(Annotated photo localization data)
···

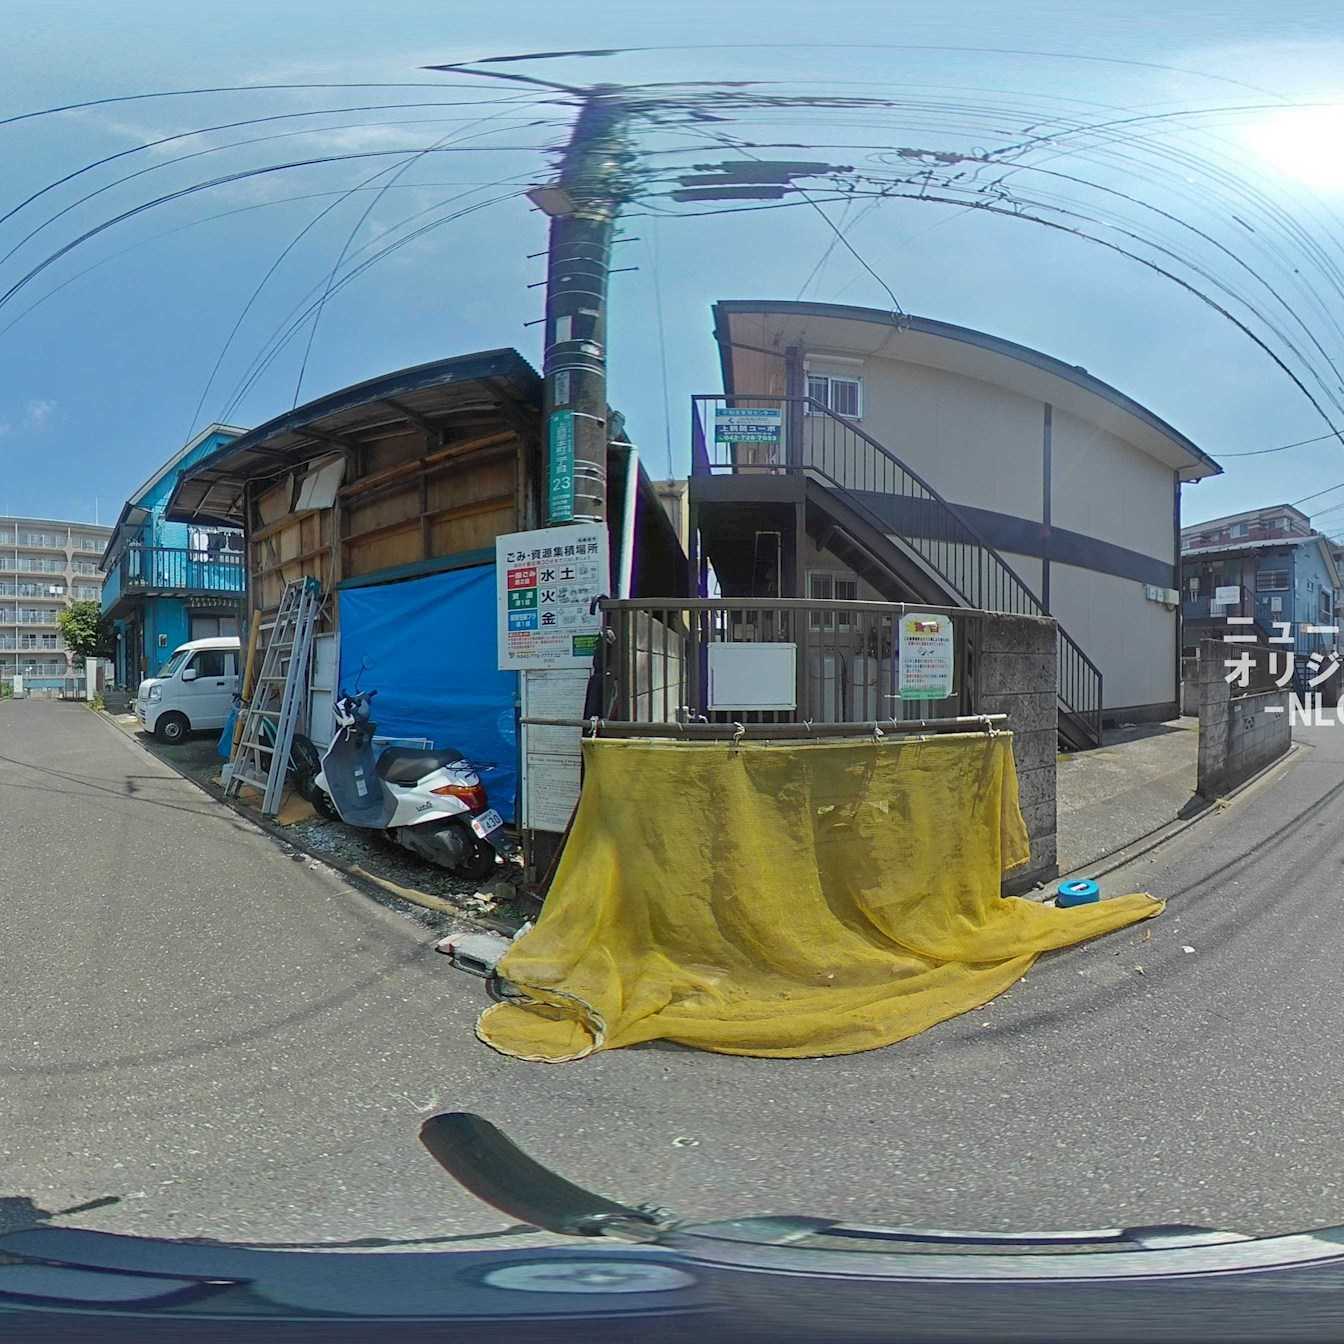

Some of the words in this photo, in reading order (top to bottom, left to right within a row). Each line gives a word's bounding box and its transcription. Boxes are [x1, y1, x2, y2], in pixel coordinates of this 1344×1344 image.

[553, 476, 571, 491] 23
[541, 569, 555, 582] 水
[560, 567, 575, 580] 土
[541, 590, 555, 603] 火
[541, 612, 556, 626] 金

···

Problem statement:
Transcribe all data precisely. Pictures are not copied.

Solution below:
Some of the words in this photo, in reading order (top to bottom, left to right within a row). Each line gives a word's bounding box and its transcription. Boxes are [x1, y1, x2, y2], in pixel coordinates of this 1344×1344 image.

[553, 476, 571, 491] 23
[541, 569, 555, 582] 水
[560, 567, 575, 580] 土
[541, 590, 555, 603] 火
[541, 612, 556, 626] 金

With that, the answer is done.